やっと喋りたかった人の瞳に捉えられて、彩美の胸が、高揚感と共に甘い疼きを感じた。彩美は、自身の緊張を悟られないよう、咲乃に微笑み返した。

「本田さんと一緒じゃないんだ?」

 いないだろうと思ってきたのだ。いてもらっては困る。分かりきったことをあえて尋ねて、彩美は彼の反応を窺った。

「うん。一冊だけ借りに来ただけだったから」

「借りる本は決まったの?」

「もう決まったよ。これ――」

 そう言って、咲乃が本の表紙を、彩美にも見えるように掲げた。その本には、『錯綜(さくそう)QUINTET(クインテット)』と題されていた。

「昔読んだことがあったんだけど、また読みたくなって」

 北川啓司(きたがわ けいじ)著。彩美の知らない作家の、知らない題名の本だった。

「すごく難しそうな本……」

 普段読書をしない彩美の、精一杯の感想だった。咲乃はふふっと小さく笑うと、静かに首を横に振った。

「そんなことないよ。恋愛小説だしね」

「篠原くん、恋愛小説も読むの?」

 彩美は驚いて尋ねた。

「普段、恋愛の話はなかなか手が出ないんだけど、でも、これはミステリー要素もあって面白かったから」

 明朝体のタイトルだけが記された、いかにも堅く重厚感たっぷりな表紙からは、恋愛小説とは思えない近寄り難さを放っている。

「どんなお話なの?」

 彩美が尋ねると、咲乃は困ったように苦笑した。

「恋愛小説と言っても、生憎、きれいな話じゃないんだ。むしろ重いっていうか、5人の男女の関係が複雑に絡み合う、嘘と偽りがテーマの物語だから」

 内容を聞く限りは、昼ドラにミステリー要素を足したお話しだろうか。なんだか、ドロドロしていそうで、益々難しい感じがしてくる。

「山口さんは、何か借りるの?」

 話題を変えるように咲乃に尋ねられて、彩美は慌てて「ええっと、何にしようかな……」と言いつつ本棚に目を走らせた。もともと本を借りる予定はなかったので、彩美は、パッと目についた本を適当に抜き出した。

「これにしようかな」

 彩美が咲乃に選んだ本を見せる。柔らかいタッチのイラストが目に引く表紙で、こちらは彩美でも読みやすそうな印象がある。背表紙のあらすじにも、恋愛小説であることが書かれていた。

 咲乃と共に本の貸出処理を済ませると、一緒に図書室を出た。

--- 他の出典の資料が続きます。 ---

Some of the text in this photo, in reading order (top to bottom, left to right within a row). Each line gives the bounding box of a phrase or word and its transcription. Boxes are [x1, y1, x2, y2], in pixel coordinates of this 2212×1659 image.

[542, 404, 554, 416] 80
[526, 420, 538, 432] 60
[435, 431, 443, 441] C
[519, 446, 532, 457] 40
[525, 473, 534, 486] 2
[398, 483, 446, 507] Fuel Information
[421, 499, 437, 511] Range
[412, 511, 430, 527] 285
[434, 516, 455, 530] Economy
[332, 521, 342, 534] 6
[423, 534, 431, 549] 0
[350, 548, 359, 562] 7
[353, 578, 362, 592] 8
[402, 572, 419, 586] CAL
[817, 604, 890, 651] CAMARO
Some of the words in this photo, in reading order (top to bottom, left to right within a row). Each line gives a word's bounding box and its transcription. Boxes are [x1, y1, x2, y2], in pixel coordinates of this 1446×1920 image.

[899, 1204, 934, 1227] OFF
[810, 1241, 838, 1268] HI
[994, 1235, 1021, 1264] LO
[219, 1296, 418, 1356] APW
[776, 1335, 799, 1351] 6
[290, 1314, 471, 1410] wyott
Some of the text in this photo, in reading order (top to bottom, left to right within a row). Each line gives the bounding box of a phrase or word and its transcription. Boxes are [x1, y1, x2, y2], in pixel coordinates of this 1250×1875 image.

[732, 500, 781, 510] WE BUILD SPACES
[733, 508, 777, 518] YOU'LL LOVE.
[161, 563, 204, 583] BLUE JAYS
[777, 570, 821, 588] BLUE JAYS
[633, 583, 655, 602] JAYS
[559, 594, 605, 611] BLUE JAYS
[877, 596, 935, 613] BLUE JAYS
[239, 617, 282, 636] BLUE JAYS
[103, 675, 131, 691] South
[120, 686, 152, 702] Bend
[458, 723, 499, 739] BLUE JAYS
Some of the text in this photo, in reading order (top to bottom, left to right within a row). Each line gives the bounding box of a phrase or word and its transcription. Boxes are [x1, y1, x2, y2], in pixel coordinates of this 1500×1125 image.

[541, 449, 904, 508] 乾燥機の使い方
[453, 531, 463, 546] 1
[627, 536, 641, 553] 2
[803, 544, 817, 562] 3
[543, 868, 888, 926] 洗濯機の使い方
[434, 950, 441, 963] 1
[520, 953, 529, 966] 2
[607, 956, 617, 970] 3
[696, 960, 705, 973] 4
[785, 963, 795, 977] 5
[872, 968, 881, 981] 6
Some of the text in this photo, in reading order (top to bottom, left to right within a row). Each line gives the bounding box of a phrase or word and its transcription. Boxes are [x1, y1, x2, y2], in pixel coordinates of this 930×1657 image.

どちらからともなく、そのままの流れで一緒に教室に戻る。
 彩美は、隣が気になって、ちらちら横目で咲乃の様子を窺った。

「篠原くん、本田さんとはどう?」

 彩美がそれとなく尋ねると、咲乃は肩をすくめた。

「普通に、仲はいいんじゃないかな」

「そ、そっか。付き合ったばかりだもんね」

 自分で聞いておいて、胸が痛んだ。学校では、咲乃はいつでも稚奈といるし、登下校も一緒だ。仲が良いのは明らかなのに、自分は一体、どんな答えを望んでいたのだろう。彩美にはわからなかった。

「本田さんとは、いつから付き合ってたの?」

 努めて平静に、雑談をしているかのような何でもない口調で、彩美が尋ねる。

「夏休みの間に」

「もしかして、お祭りの後?」

 彩美の問いに、咲乃が頷いた。

「どっちから、告白したの?」

「本田さんからだよ」

 彩美は小さく、「そっか」とつぶやいた。思わず、本を持っていた手に力が入る。悔しさがこみ上げた。あの時、自分も近くにいたのに、稚奈に先を越されてしまった。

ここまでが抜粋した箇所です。